Treatment with lipid emulsion delayed onset of hypotension (140 seconds vs. 279 seconds; p=0.008) and asystole (369 seconds vs. 607 seconds; p=0.02) in whole animals. Cocaine and cocaethylene induced dose-dependent decreases in RPP, +dP/dtmax, and -dP/dtmaxabs (p<0.0001) in Langendorff hearts; line pressure was increased by cocaine and cocaethylene infusion, but not altered by treatment. Lipid emulsion attenuated cocaine- and cocaethyleneinduced cardiac depression. SBE-β-CD alone evoked a mild cardiodepressant effect (p<0.0001) but attenuated further cocaine- and cocaethylene-induced decrements in cardiac contractility at high concentrations of drug (100 μmol/L; p<0.001). Finally, both cocaine and cocaethylene, but not ecgonine and benzoylecgonine, inhibited lipid-dependent mitochondrial respiration by blocking carnitine exchange (p<0.05).A commercially available lipid emulsion was able to delay progression of cocaine cardiac toxicity in vivo. Further, it improved acute cocaine- and cocaethyleneinduced cardiac toxicity in rat isolated heart while SBE-β- CD was effective only at the highest cocaine concentration. Further, both cocaine and cocaethylene inhibited lipiddependent mitochondrial respiration. Collectively, this suggests that scavenging-independent effects of lipid emulsion may contribute to reversal of acute cocaine and cocaethylene cardiotoxicity, and the beneficial effects may involve mitochondrial lipid processing[21].
We hypothesized that acute lipid-induced insulin resistance would be attenuated in high-oxidative muscle of lean trained (LT) endurance athletes due to their enhanced metabolic flexibility and mitochondrial capacity[22]. Lean sedentary (LS), obese sedentary (OS), and LT participants completed two hyperinsulinemic euglycemic clamp studies with and without (glycerol control) the coinfusion of Intralipid.
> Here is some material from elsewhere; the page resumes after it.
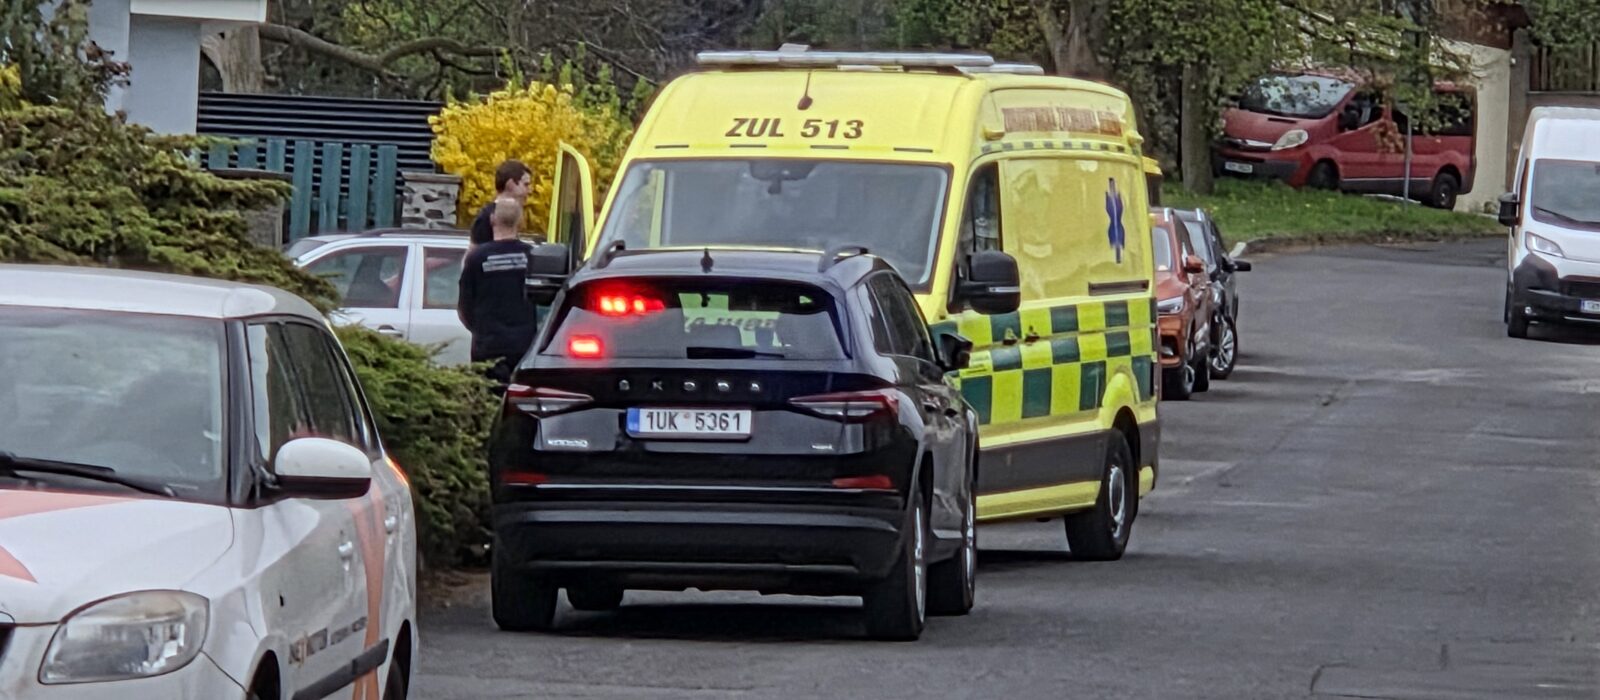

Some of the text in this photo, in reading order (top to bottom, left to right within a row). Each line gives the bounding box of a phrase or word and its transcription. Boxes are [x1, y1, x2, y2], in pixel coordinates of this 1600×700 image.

[725, 118, 864, 139] ZUL 513
[646, 411, 679, 430] 1UK
[695, 412, 741, 431] 5361
Metabolic flexibility was measured by indirect calorimetry as the oxidation of fatty acids and glucose during fasted and insulin-stimulated conditions, the latter with and without lipid oversupply. Muscle biopsies were obtained for mitochondrial and insulin-signaling studies. During hyperinsulinemia without lipid, glucose infusion rate (GIR) was lowest in OS due to lower rates of nonoxidative glucose disposal (NOGD), whereas state 4 respiration was increased in all groups. Lipid infusion reduced GIR similarly in all subjects and reduced state 4 respiration. However, in LT subjects, fat oxidation was higher with lipid oversupply, and although glucose oxidation was reduced, NOGD was better preserved compared with LS and OS subjects. Mitochondrial performance was positively associated with better NOGD and insulin sensitivity in both conditions. We conclude that enhanced mitochondrial performance with exercise is related to better metabolic flexibility and insulin sensitivity in response to lipid overload[22].
Conclusion
It is the first case report in the medical literature of Local Anesthesia Reversal ( LAR) of the upper arm Brachial plexus block by Lipid Emulsion.